Well, interesting to me, anyway. Hopefully to you.
An interesting (there's that word again!) thing came up in conversation today. And I have absolutely no outside perspective on this, so I honestly don't know where most people fall on this spectrum, and I am very deeply curious.
So in this conversation, I made reference to knowing the person for over a year; the person corrected me and said that really our experience of each other was more like 18 hours.
And I was like "huh." Because our in-person hanging-out has been limited, yes, because of physical distance. But, as I said on Gchat in response, "All of the talking online and on the phone counts
in my head. It feels not quite as complete as in-person time, but really close to it."
Apparently online interaction counts at about only 10% of actual experience-of-the-other-person for my friend. Which was jarring to me, because for me, it counts as closer to 80%. Of course it isn't quite as intense as in-person experience. But.
It's tremendously weird to discover a disjoint this big!
I'll repost my thoughts on why online communication counts for so much here in their almost-entirety, because they helped my friend grok. And if your experience is closer to theirs than to mine, hopefully they'll help you grok, too.I sort of exist as much on the computer as off it.
Until I moved to Boston, 85-90% of my interaction with people was online.
I lived here and didn't know my current Florida friends yet; I lived in Atlanta and all my friends were up North and I was housebound due to no public transit.
And when I moved to Boston, all of my online interactions moved very seamlessly into meatspace.
So that tends to be my unconscious assumption, I guess.

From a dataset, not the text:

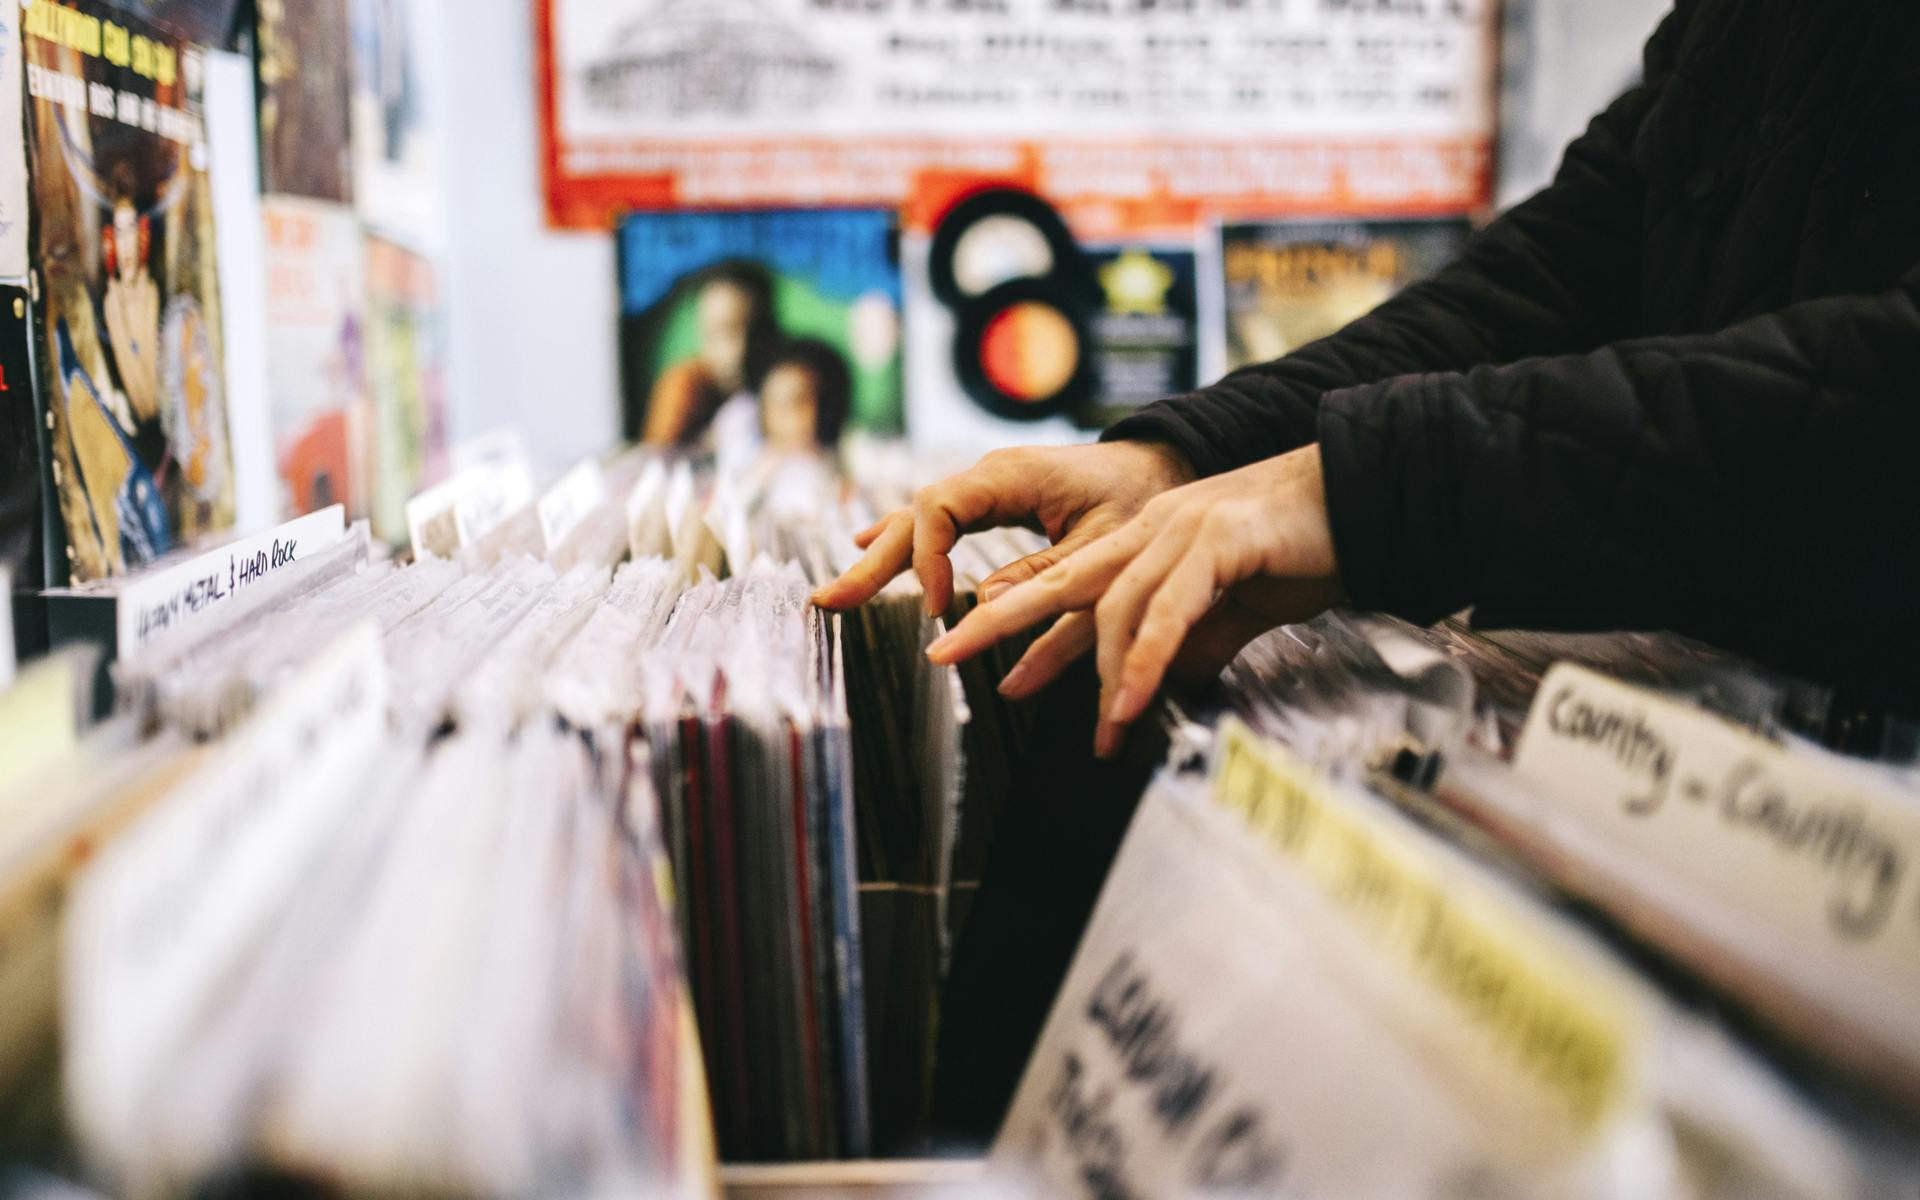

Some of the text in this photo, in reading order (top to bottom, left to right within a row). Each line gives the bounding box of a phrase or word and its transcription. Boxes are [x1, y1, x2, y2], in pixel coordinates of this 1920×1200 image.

More background: I got online in the first place specifically because I was isolated. I had just moved back to Florida, several months pregnant, and I was pretty much alone in this very sterile house all day, every day. I found the Tamson House mailing list and the Bordertown BBS, where I made friends who are some of my closest friends to this day, even some I've never met - I have zero in-person experience of themaskmaker
, but she is a beloved sister-friend, and I know that when I meet her, we'll transition seamlessly, just like haikujaguar
and I did; we felt instantly like we'd been hanging out for years. <3
So I accept that my experience and perspective here may be far from normal; not as many people are as tremendously isolated as I was, and for so long. So not as many people interact as purely online, if that makes sense. I think. Like I said, I can't really evaluate this part of myself from outside me. But I do not have an online persona - I have been assured by many people, most recently enderfem
, that I'm very WYSIWYG. The me you see here is the same me you'd be having coffee with or test-driving hedgehogs with.
So yes. Here's the question. Where on this spectrum do you fall? To what degree does online interaction feel real and full to you? And how much of your interaction tends to be online? Am curious if my thoughts here are mainly the product of having the majority of my communication be online for big chunks of the past dozen-plus years.
EDIT for two datapoints:
1. I'm not saying any particular perspective here is right or wrong; I'm putting it out there specifically because I know that I am an unusual person with unusual social interactions, and this may well be one of the ways in which I am an alien, in which case it is a thing I ought to take into account when interacting with people.
2. I met the friend in question in person, not online, but most of our interaction has been online or on the phone, because y'all have not invented teleporters yet. You should get on that. (I'm a future neurologist. Teleporters are not my field.)
Also, I find it amusing how I instantly shifted into engineer-brain when this came up.